CVE Vulnerabilities

CVE-2022-35936

Exposure of Resource to Wrong Sphere

Published: Aug 05, 2022 | Modified: Aug 13, 2022
CVSS 3.x
5.3
MEDIUM
Source:
NVD
CVSS:3.1/AV:N/AC:L/PR:N/UI:N/S:U/C:N/I:N/A:L
CVSS 2.x
RedHat/V2
RedHat/V3
Ubuntu

Ethermint is an Ethereum library. In Ethermint running versions before v0.17.2, the contract selfdestruct invocation permanently removes the corresponding bytecode from the internal database storage. However, due to a bug in the DeleteAccountfunction, all contracts that used the identical bytecode (i.e shared the same CodeHash) will also stop working once one contract invokes selfdestruct, even though the other contracts did not invoke the selfdestruct OPCODE. This vulnerability has been patched in Ethermint version v0.18.0. The patch has state machine-breaking changes for applications using Ethermint, so a coordinated upgrade procedure is required.
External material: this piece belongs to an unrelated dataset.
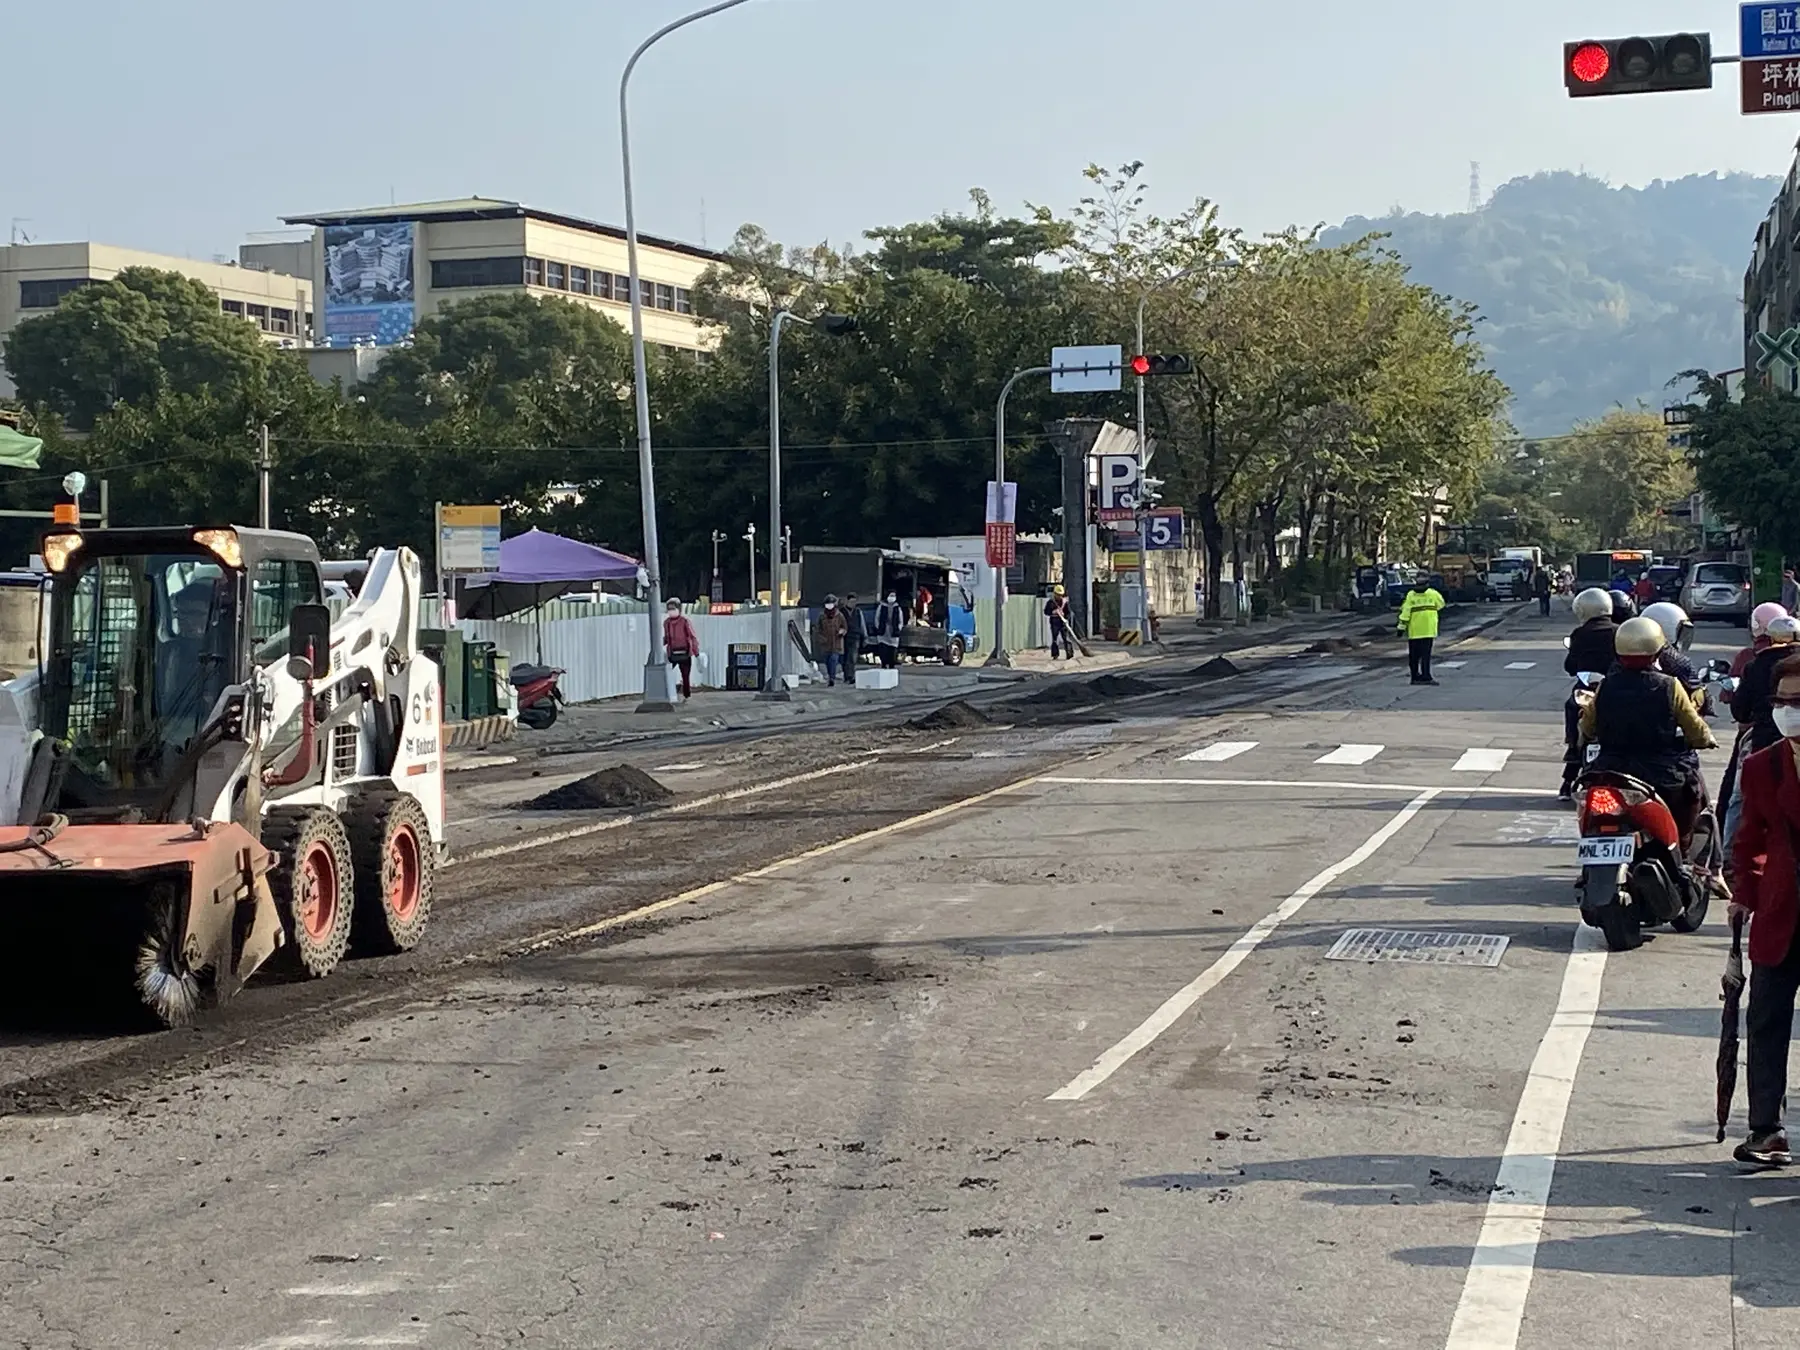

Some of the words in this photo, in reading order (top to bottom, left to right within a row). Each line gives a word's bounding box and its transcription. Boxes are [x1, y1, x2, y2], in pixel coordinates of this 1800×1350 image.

A workaround is available. If a contract is subject to DoS due to this issue, the user can redeploy the same contract, i.e. with identical bytecode, so that the original contracts code is recovered. The new contract deployment restores the bytecode hash -> bytecode entry in the internal state.

Weakness

The product exposes a resource to the wrong control sphere, providing unintended actors with inappropriate access to the resource.

Affected Software

Name Vendor Start Version End Version
Ethermint Evmos * 0.18.0 (excluding)

Extended Description

Resources such as files and directories may be inadvertently exposed through mechanisms such as insecure permissions, or when a program accidentally operates on the wrong object. For example, a program may intend that private files can only be provided to a specific user. This effectively defines a control sphere that is intended to prevent attackers from accessing these private files. If the file permissions are insecure, then parties other than the user will be able to access those files. A separate control sphere might effectively require that the user can only access the private files, but not any other files on the system. If the program does not ensure that the user is only requesting private files, then the user might be able to access other files on the system. In either case, the end result is that a resource has been exposed to the wrong party.